Assignment: With no additions or omissions, print the listing that follows.
▽
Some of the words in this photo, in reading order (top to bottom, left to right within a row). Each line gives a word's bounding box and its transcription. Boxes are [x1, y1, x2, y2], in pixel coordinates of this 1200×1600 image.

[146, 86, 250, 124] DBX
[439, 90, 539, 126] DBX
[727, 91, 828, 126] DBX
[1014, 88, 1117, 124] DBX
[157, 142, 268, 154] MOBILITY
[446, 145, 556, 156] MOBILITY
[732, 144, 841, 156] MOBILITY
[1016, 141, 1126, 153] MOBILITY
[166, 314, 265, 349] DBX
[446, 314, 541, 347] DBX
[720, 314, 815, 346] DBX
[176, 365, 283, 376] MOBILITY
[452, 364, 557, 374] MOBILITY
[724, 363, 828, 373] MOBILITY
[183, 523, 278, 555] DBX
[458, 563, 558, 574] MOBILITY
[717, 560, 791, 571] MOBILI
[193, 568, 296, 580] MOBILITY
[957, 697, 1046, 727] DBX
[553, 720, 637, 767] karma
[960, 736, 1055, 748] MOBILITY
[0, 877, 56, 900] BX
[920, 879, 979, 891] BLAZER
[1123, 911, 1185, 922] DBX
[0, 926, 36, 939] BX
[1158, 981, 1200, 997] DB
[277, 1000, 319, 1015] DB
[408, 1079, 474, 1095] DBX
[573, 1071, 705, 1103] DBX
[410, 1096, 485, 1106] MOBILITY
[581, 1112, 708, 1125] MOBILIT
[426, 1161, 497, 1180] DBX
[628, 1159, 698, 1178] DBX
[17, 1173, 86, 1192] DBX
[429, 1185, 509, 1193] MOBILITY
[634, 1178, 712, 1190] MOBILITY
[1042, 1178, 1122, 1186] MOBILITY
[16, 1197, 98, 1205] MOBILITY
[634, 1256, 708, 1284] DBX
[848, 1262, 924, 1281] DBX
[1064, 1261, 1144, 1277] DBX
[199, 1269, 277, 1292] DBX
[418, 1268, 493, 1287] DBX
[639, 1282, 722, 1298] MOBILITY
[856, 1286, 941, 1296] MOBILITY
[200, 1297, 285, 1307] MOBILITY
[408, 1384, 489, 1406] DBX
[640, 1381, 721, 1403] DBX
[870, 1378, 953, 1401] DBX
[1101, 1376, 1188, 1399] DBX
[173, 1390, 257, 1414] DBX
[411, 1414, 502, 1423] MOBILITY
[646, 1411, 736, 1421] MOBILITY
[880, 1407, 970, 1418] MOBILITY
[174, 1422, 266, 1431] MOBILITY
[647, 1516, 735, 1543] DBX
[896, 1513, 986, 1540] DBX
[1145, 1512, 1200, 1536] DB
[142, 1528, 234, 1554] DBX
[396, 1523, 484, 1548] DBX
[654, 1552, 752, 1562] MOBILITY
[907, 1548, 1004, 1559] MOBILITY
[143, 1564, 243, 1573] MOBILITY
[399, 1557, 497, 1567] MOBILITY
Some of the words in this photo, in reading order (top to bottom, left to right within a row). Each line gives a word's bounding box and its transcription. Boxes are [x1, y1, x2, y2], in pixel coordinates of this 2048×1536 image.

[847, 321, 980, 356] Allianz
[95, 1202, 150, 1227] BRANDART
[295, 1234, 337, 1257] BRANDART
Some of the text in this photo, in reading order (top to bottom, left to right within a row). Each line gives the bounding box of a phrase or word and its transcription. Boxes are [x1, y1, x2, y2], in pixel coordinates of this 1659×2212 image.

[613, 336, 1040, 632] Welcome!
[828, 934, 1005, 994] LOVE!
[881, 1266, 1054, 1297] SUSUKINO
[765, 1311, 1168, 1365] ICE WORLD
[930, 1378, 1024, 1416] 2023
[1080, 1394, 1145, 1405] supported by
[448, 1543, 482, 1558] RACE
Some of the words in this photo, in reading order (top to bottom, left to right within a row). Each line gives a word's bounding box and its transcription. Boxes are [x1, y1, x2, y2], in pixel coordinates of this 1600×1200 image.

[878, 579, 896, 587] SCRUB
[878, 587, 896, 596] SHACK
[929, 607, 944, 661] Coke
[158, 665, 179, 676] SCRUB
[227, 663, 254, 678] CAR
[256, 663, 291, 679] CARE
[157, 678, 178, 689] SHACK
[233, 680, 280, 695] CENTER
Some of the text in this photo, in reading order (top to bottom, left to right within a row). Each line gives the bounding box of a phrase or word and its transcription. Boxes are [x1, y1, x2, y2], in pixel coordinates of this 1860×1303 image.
△
Answer box:
Some of the words in this photo, in reading order (top to bottom, left to right within a row). Each line gives a word's bounding box and its transcription. Boxes are [x1, y1, x2, y2], in pixel coordinates of this 1200×1600 image.

[146, 86, 250, 124] DBX
[439, 90, 539, 126] DBX
[727, 91, 828, 126] DBX
[1014, 88, 1117, 124] DBX
[157, 142, 268, 154] MOBILITY
[446, 145, 556, 156] MOBILITY
[732, 144, 841, 156] MOBILITY
[1016, 141, 1126, 153] MOBILITY
[166, 314, 265, 349] DBX
[446, 314, 541, 347] DBX
[720, 314, 815, 346] DBX
[176, 365, 283, 376] MOBILITY
[452, 364, 557, 374] MOBILITY
[724, 363, 828, 373] MOBILITY
[183, 523, 278, 555] DBX
[458, 563, 558, 574] MOBILITY
[717, 560, 791, 571] MOBILI
[193, 568, 296, 580] MOBILITY
[957, 697, 1046, 727] DBX
[553, 720, 637, 767] karma
[960, 736, 1055, 748] MOBILITY
[0, 877, 56, 900] BX
[920, 879, 979, 891] BLAZER
[1123, 911, 1185, 922] DBX
[0, 926, 36, 939] BX
[1158, 981, 1200, 997] DB
[277, 1000, 319, 1015] DB
[408, 1079, 474, 1095] DBX
[573, 1071, 705, 1103] DBX
[410, 1096, 485, 1106] MOBILITY
[581, 1112, 708, 1125] MOBILIT
[426, 1161, 497, 1180] DBX
[628, 1159, 698, 1178] DBX
[17, 1173, 86, 1192] DBX
[429, 1185, 509, 1193] MOBILITY
[634, 1178, 712, 1190] MOBILITY
[1042, 1178, 1122, 1186] MOBILITY
[16, 1197, 98, 1205] MOBILITY
[634, 1256, 708, 1284] DBX
[848, 1262, 924, 1281] DBX
[1064, 1261, 1144, 1277] DBX
[199, 1269, 277, 1292] DBX
[418, 1268, 493, 1287] DBX
[639, 1282, 722, 1298] MOBILITY
[856, 1286, 941, 1296] MOBILITY
[200, 1297, 285, 1307] MOBILITY
[408, 1384, 489, 1406] DBX
[640, 1381, 721, 1403] DBX
[870, 1378, 953, 1401] DBX
[1101, 1376, 1188, 1399] DBX
[173, 1390, 257, 1414] DBX
[411, 1414, 502, 1423] MOBILITY
[646, 1411, 736, 1421] MOBILITY
[880, 1407, 970, 1418] MOBILITY
[174, 1422, 266, 1431] MOBILITY
[647, 1516, 735, 1543] DBX
[896, 1513, 986, 1540] DBX
[1145, 1512, 1200, 1536] DB
[142, 1528, 234, 1554] DBX
[396, 1523, 484, 1548] DBX
[654, 1552, 752, 1562] MOBILITY
[907, 1548, 1004, 1559] MOBILITY
[143, 1564, 243, 1573] MOBILITY
[399, 1557, 497, 1567] MOBILITY
Some of the words in this photo, in reading order (top to bottom, left to right within a row). Each line gives a word's bounding box and its transcription. Boxes are [x1, y1, x2, y2], in pixel coordinates of this 2048×1536 image.

[847, 321, 980, 356] Allianz
[95, 1202, 150, 1227] BRANDART
[295, 1234, 337, 1257] BRANDART
Some of the text in this photo, in reading order (top to bottom, left to right within a row). Each line gives the bounding box of a phrase or word and its transcription. Boxes are [x1, y1, x2, y2], in pixel coordinates of this 1659×2212 image.

[613, 336, 1040, 632] Welcome!
[828, 934, 1005, 994] LOVE!
[881, 1266, 1054, 1297] SUSUKINO
[765, 1311, 1168, 1365] ICE WORLD
[930, 1378, 1024, 1416] 2023
[1080, 1394, 1145, 1405] supported by
[448, 1543, 482, 1558] RACE
Some of the words in this photo, in reading order (top to bottom, left to right within a row). Each line gives a word's bounding box and its transcription. Boxes are [x1, y1, x2, y2], in pixel coordinates of this 1600×1200 image.

[878, 579, 896, 587] SCRUB
[878, 587, 896, 596] SHACK
[929, 607, 944, 661] Coke
[158, 665, 179, 676] SCRUB
[227, 663, 254, 678] CAR
[256, 663, 291, 679] CARE
[157, 678, 178, 689] SHACK
[233, 680, 280, 695] CENTER
Some of the text in this photo, in reading order (top to bottom, left to right within a row). Each line gives the bounding box of a phrase or word and its transcription. Boxes are [x1, y1, x2, y2], in pixel coordinates of this 1860×1303 image.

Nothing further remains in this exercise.